§ **Task inputs**
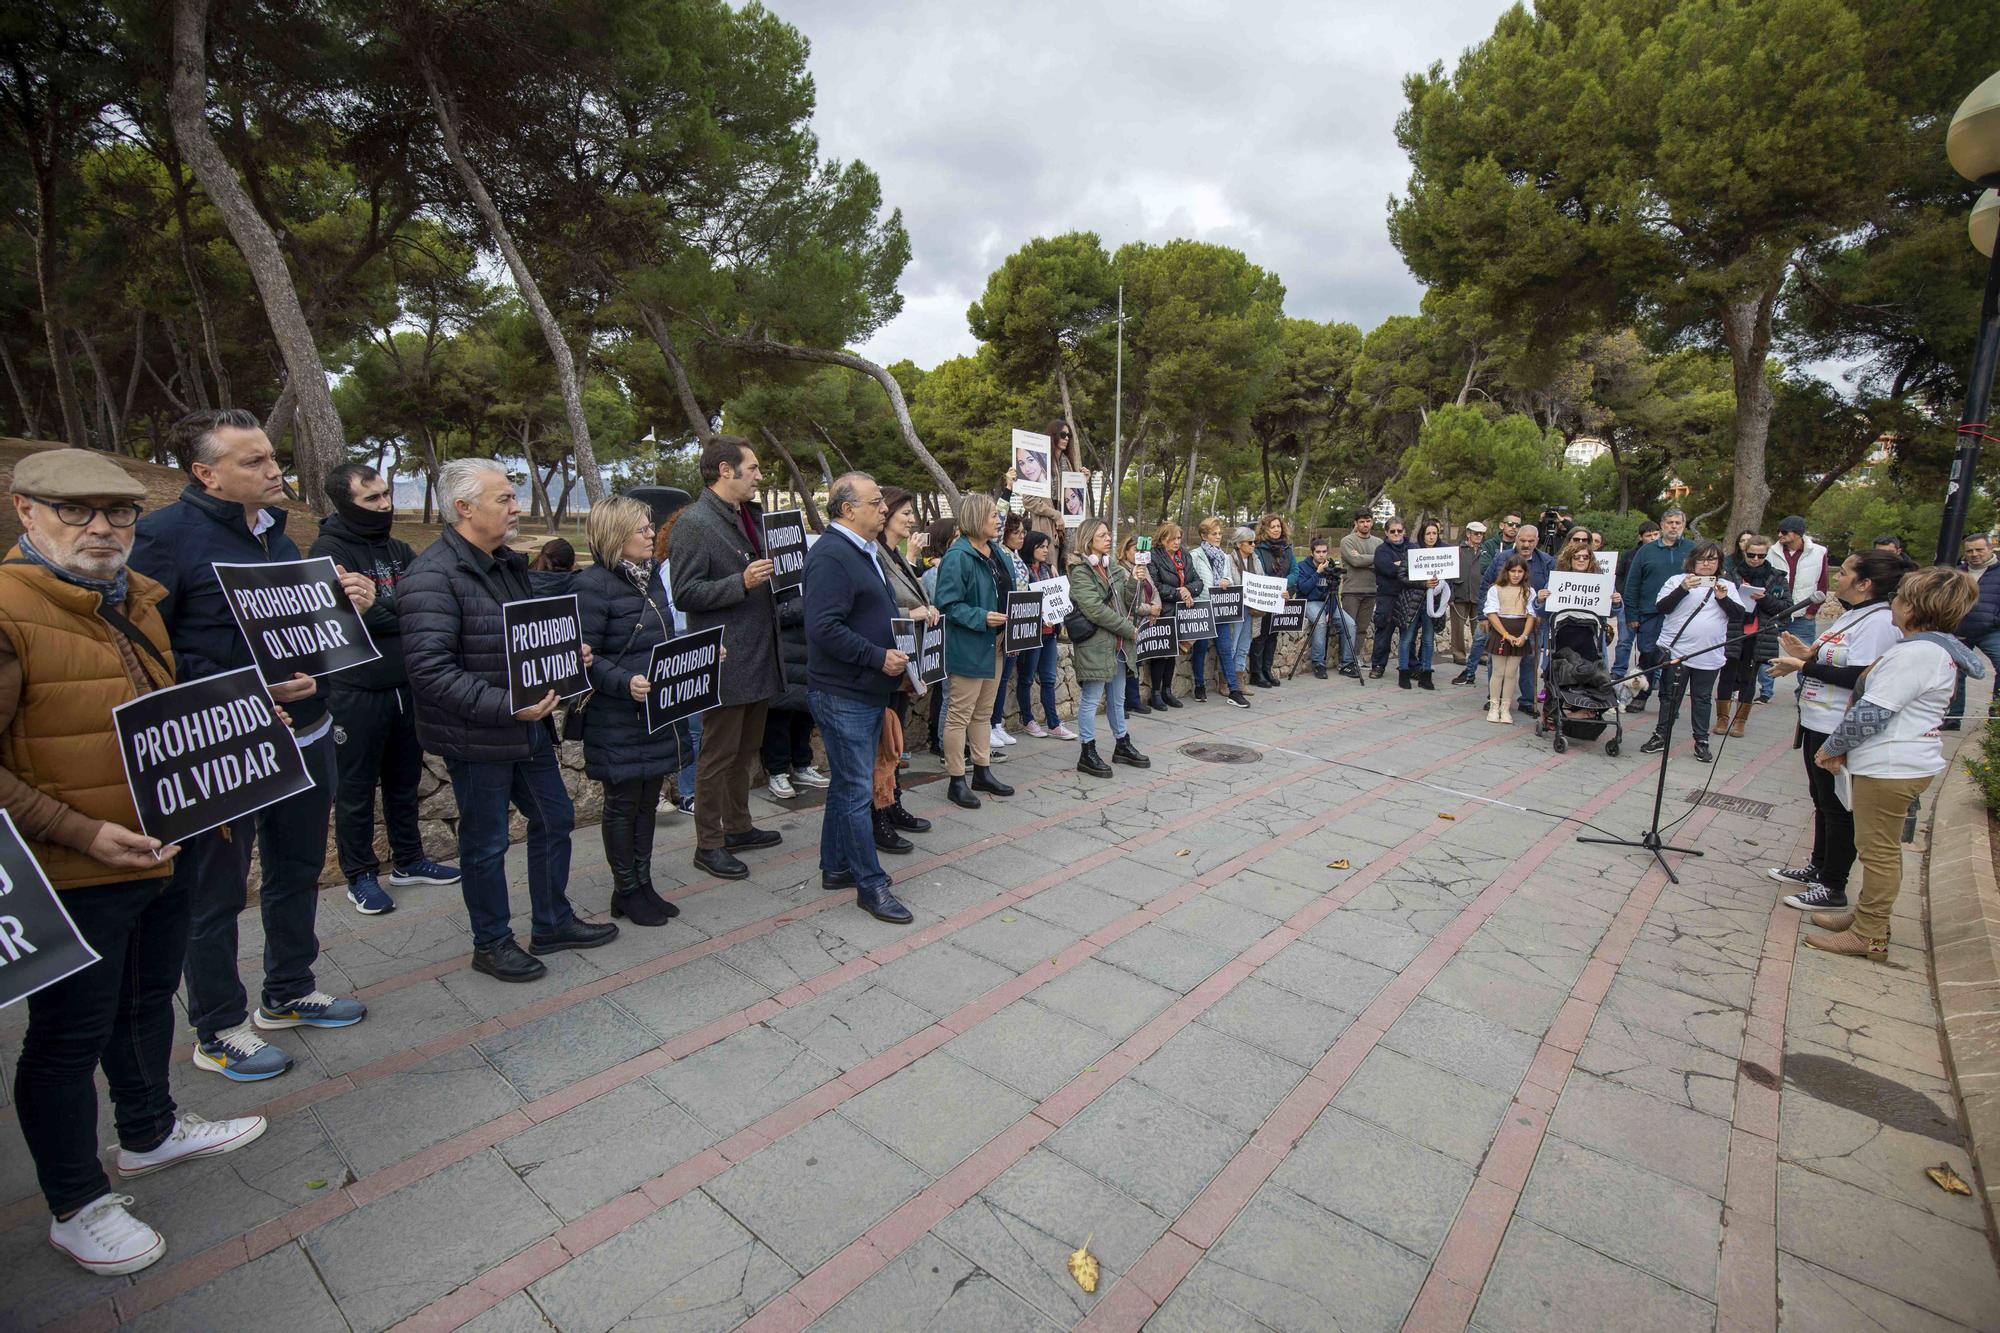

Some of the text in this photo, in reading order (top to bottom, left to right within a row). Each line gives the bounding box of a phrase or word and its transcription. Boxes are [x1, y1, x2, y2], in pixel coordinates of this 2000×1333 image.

[767, 525, 802, 550] PROHIBIDO
[773, 550, 804, 576] OLVIDAR
[1258, 590, 1279, 598] silencio
[1558, 581, 1601, 594] ¿Porqué
[233, 581, 337, 620] PROHIBIDO
[1010, 602, 1040, 619] PROHIBIDO
[1049, 595, 1064, 607] está
[1558, 595, 1600, 607] mi hija?
[1047, 609, 1057, 621] mi
[1177, 608, 1209, 620] PROHIBIDO
[511, 615, 576, 653] PROHIBIDO
[1012, 622, 1038, 640] OLVIDAR
[1179, 621, 1210, 634] OLVIDAR
[262, 619, 350, 660] OLVIDAR
[1136, 639, 1170, 655] OLVIDAR
[521, 650, 579, 688] OLVIDAR
[653, 644, 715, 683] PROHIBIDO
[659, 673, 711, 710] OLVIDAR
[133, 695, 272, 773] PROHIBIDO
[156, 742, 281, 816] OLVIDAR
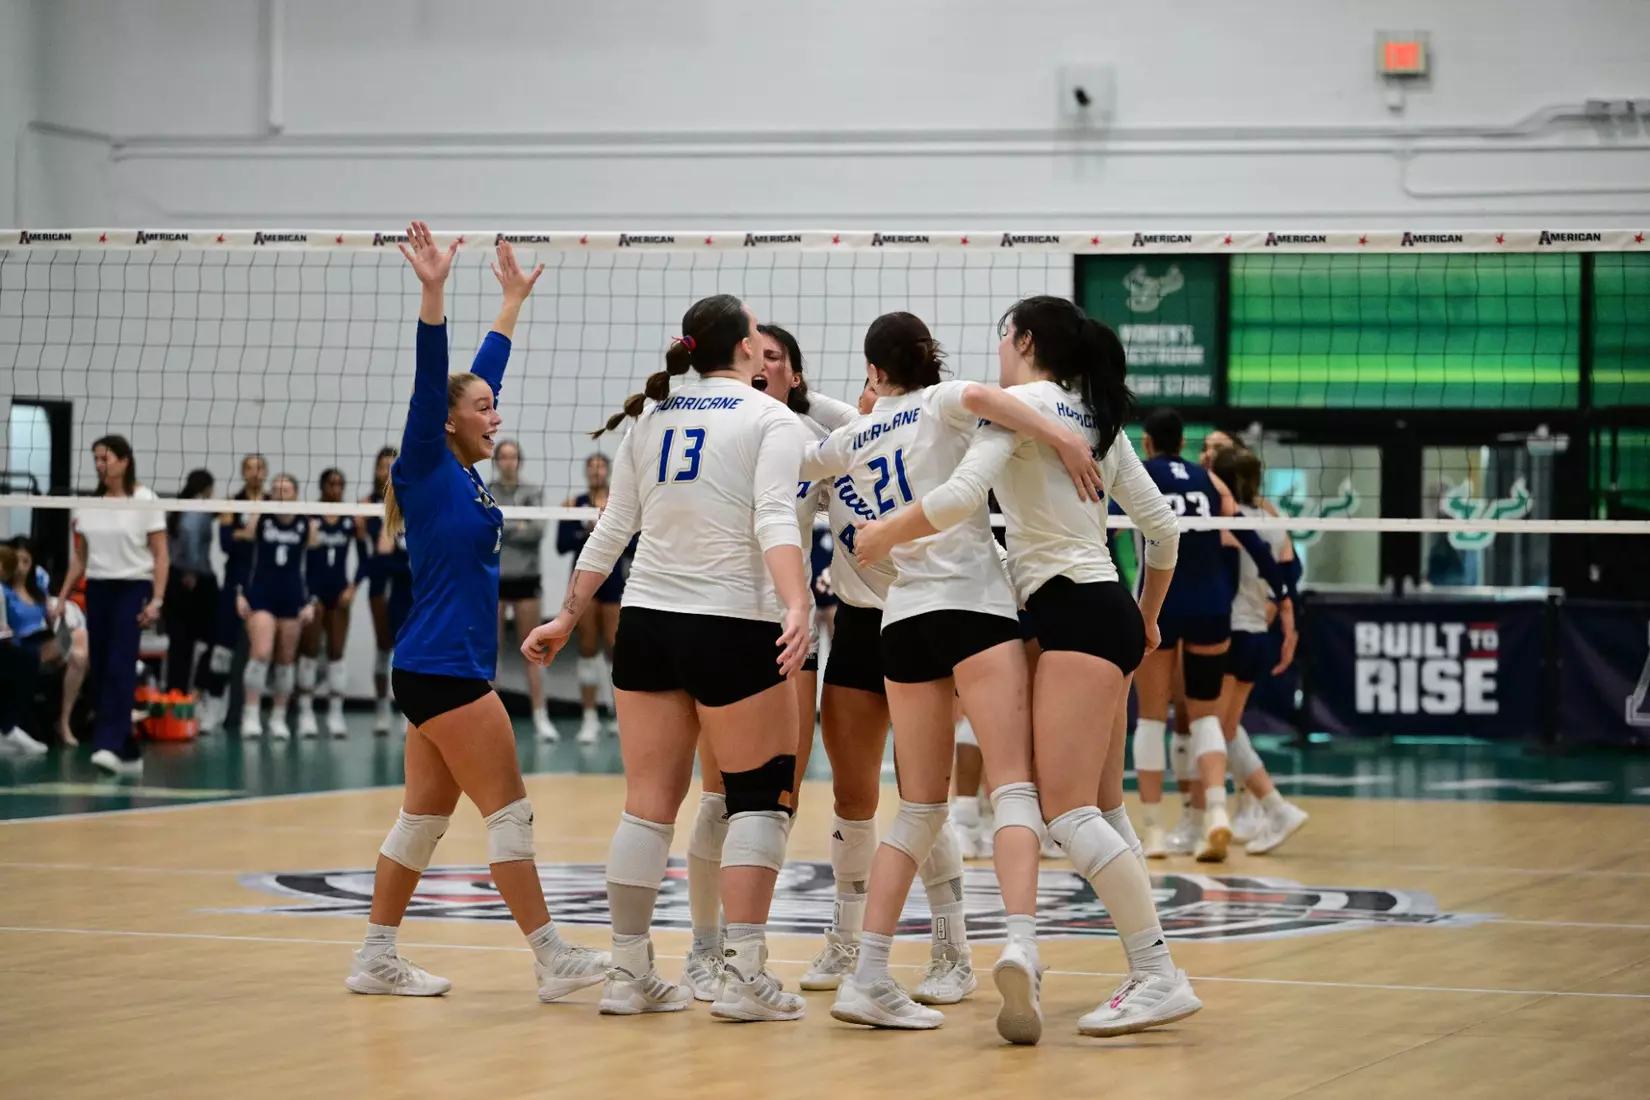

§ **Exercise instructions**
Exclude the pictures and give back the rest of the data above exactly as written.

§ **Completed exercise**
Some of the text in this photo, in reading order (top to bottom, left to right within a row). Each line gives the bounding box of a phrase or word and its transcription. Boxes are [x1, y1, x2, y2], in pixel coordinates of this 2000×1333 image.

[767, 525, 802, 550] PROHIBIDO
[773, 550, 804, 576] OLVIDAR
[1258, 590, 1279, 598] silencio
[1558, 581, 1601, 594] ¿Porqué
[233, 581, 337, 620] PROHIBIDO
[1010, 602, 1040, 619] PROHIBIDO
[1049, 595, 1064, 607] está
[1558, 595, 1600, 607] mi hija?
[1047, 609, 1057, 621] mi
[1177, 608, 1209, 620] PROHIBIDO
[511, 615, 576, 653] PROHIBIDO
[1012, 622, 1038, 640] OLVIDAR
[1179, 621, 1210, 634] OLVIDAR
[262, 619, 350, 660] OLVIDAR
[1136, 639, 1170, 655] OLVIDAR
[521, 650, 579, 688] OLVIDAR
[653, 644, 715, 683] PROHIBIDO
[659, 673, 711, 710] OLVIDAR
[133, 695, 272, 773] PROHIBIDO
[156, 742, 281, 816] OLVIDAR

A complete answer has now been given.